| YOUR TASK |
Could you output each record below exactly as it stands and leave the pictures out?

- - - - -

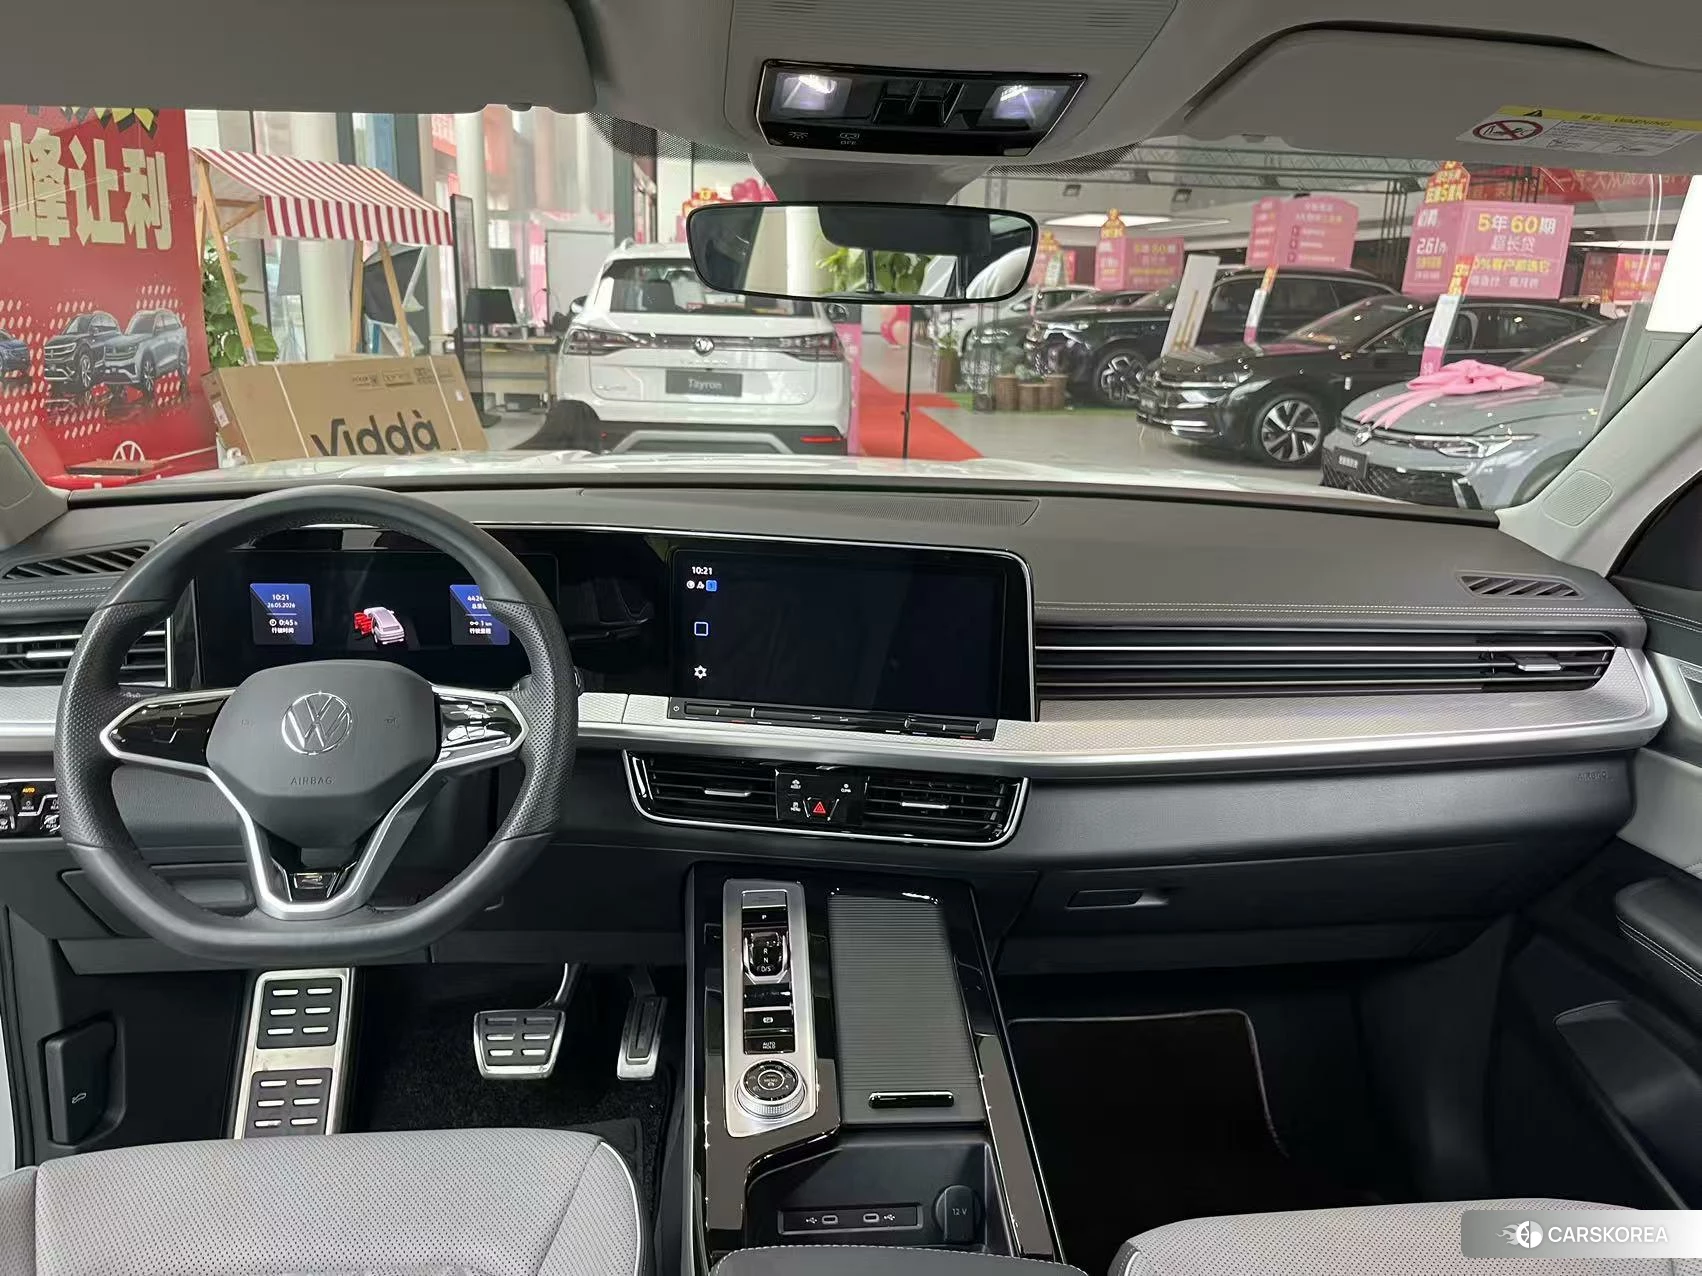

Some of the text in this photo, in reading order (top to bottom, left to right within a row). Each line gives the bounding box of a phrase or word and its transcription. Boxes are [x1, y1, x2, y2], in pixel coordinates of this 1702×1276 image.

[0, 122, 172, 250] 峰让利
[1478, 213, 1556, 235] 5年60期
[687, 378, 722, 390] Tayron
[310, 409, 441, 456] Viddà
[692, 566, 713, 575] 10:21
[290, 776, 334, 785] AIRBAG
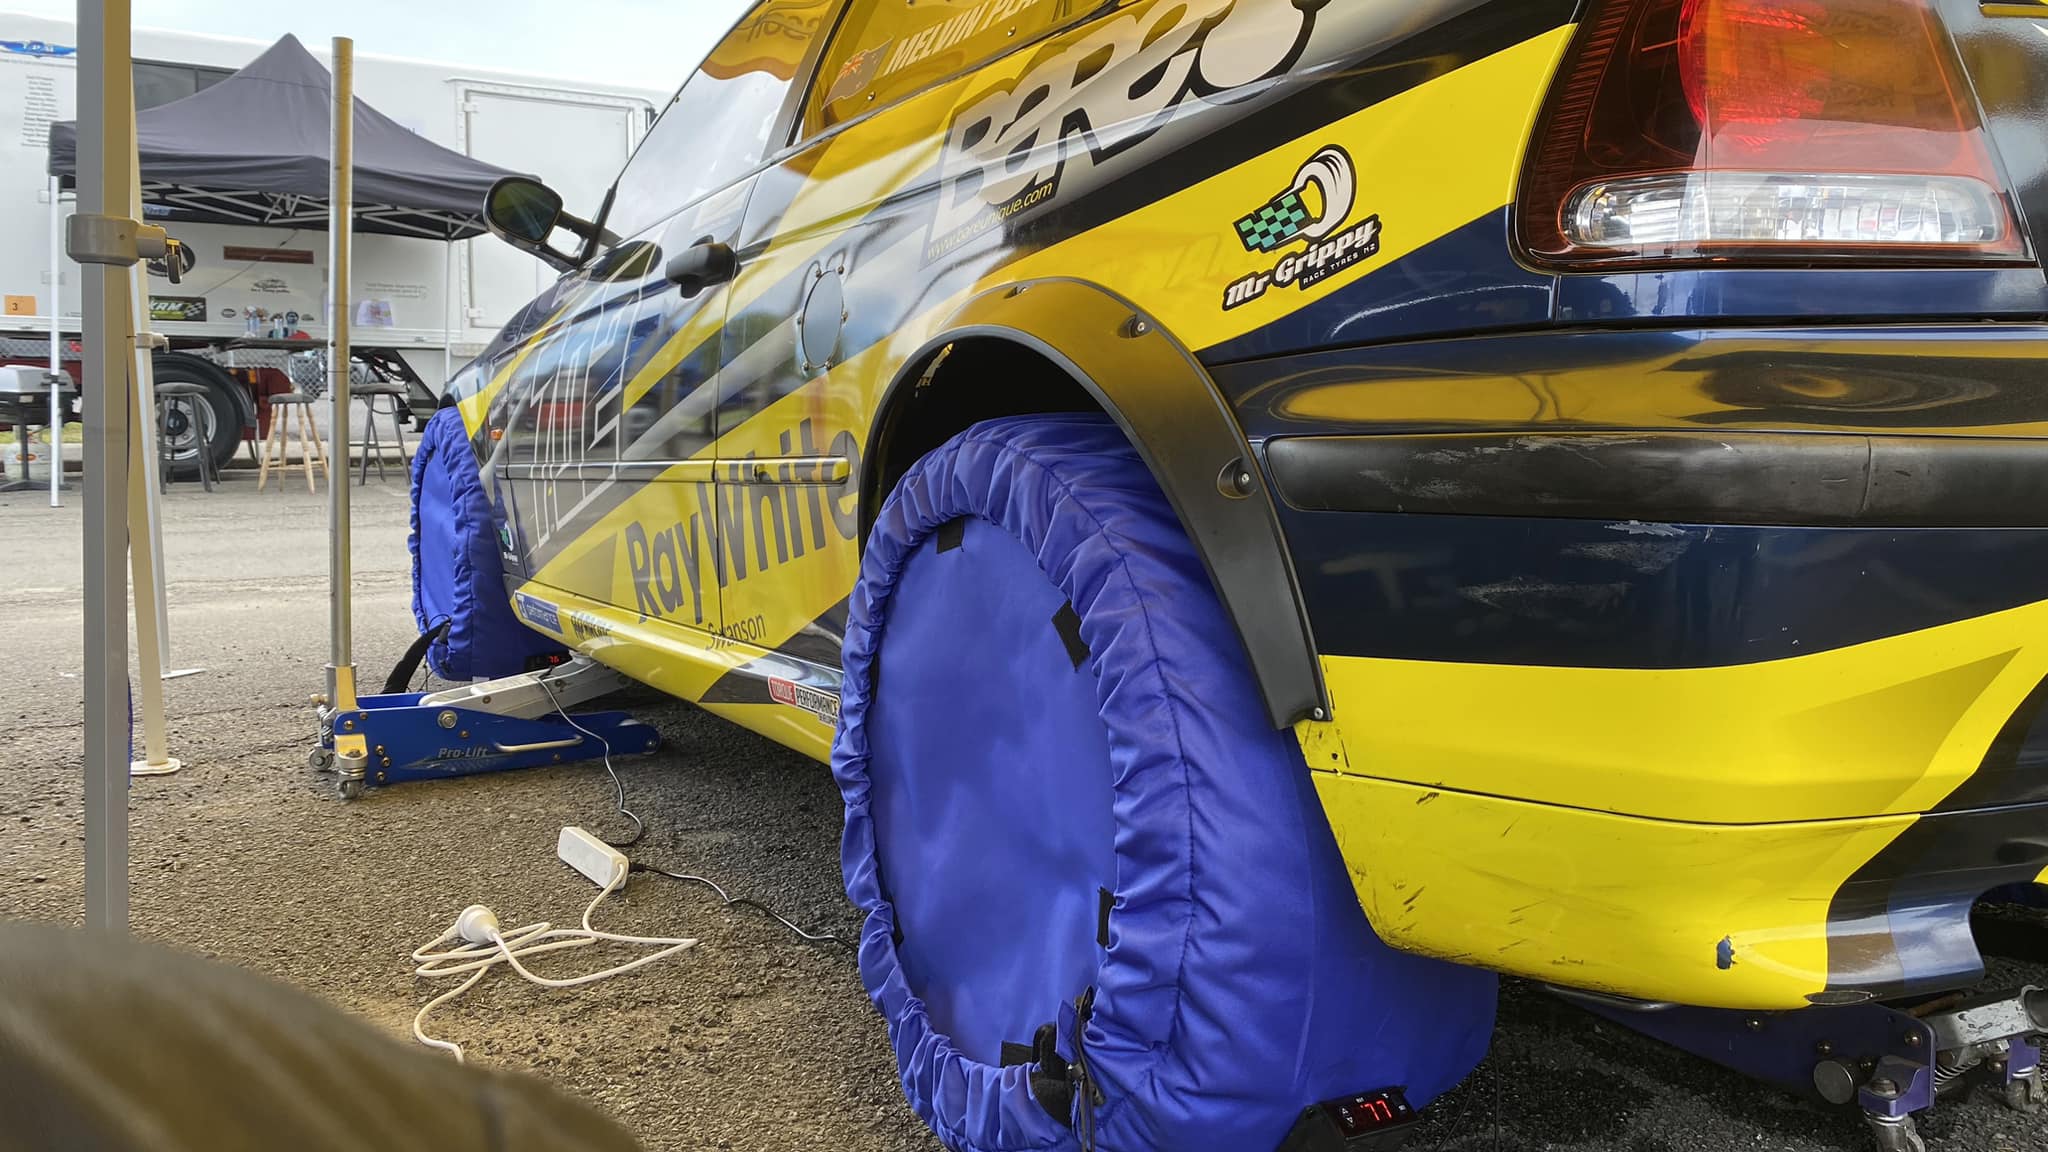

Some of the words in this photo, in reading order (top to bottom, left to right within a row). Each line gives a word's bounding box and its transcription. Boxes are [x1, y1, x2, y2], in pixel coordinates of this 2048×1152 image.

[882, 2, 985, 76] MELVIN
[1275, 220, 1377, 283] Grippy
[1303, 268, 1326, 285] RACE
[1330, 252, 1359, 270] TYRES
[705, 613, 767, 651] Swanson
[438, 747, 489, 758] Pro-Lift
[1363, 1099, 1393, 1121] 77

- - - - -

| REPLY TO THE EXERCISE |
Some of the text in this photo, in reading order (top to bottom, left to right within a row). Each line gives the bounding box of a phrase or word and its transcription. Boxes are [x1, y1, x2, y2], in pixel coordinates of this 1702×1276 image.

[0, 122, 172, 250] 峰让利
[1478, 213, 1556, 235] 5年60期
[687, 378, 722, 390] Tayron
[310, 409, 441, 456] Viddà
[692, 566, 713, 575] 10:21
[290, 776, 334, 785] AIRBAG

Some of the words in this photo, in reading order (top to bottom, left to right within a row). Each line gives a word's bounding box and its transcription. Boxes are [x1, y1, x2, y2], in pixel coordinates of this 2048×1152 image.

[882, 2, 985, 76] MELVIN
[1275, 220, 1377, 283] Grippy
[1303, 268, 1326, 285] RACE
[1330, 252, 1359, 270] TYRES
[705, 613, 767, 651] Swanson
[438, 747, 489, 758] Pro-Lift
[1363, 1099, 1393, 1121] 77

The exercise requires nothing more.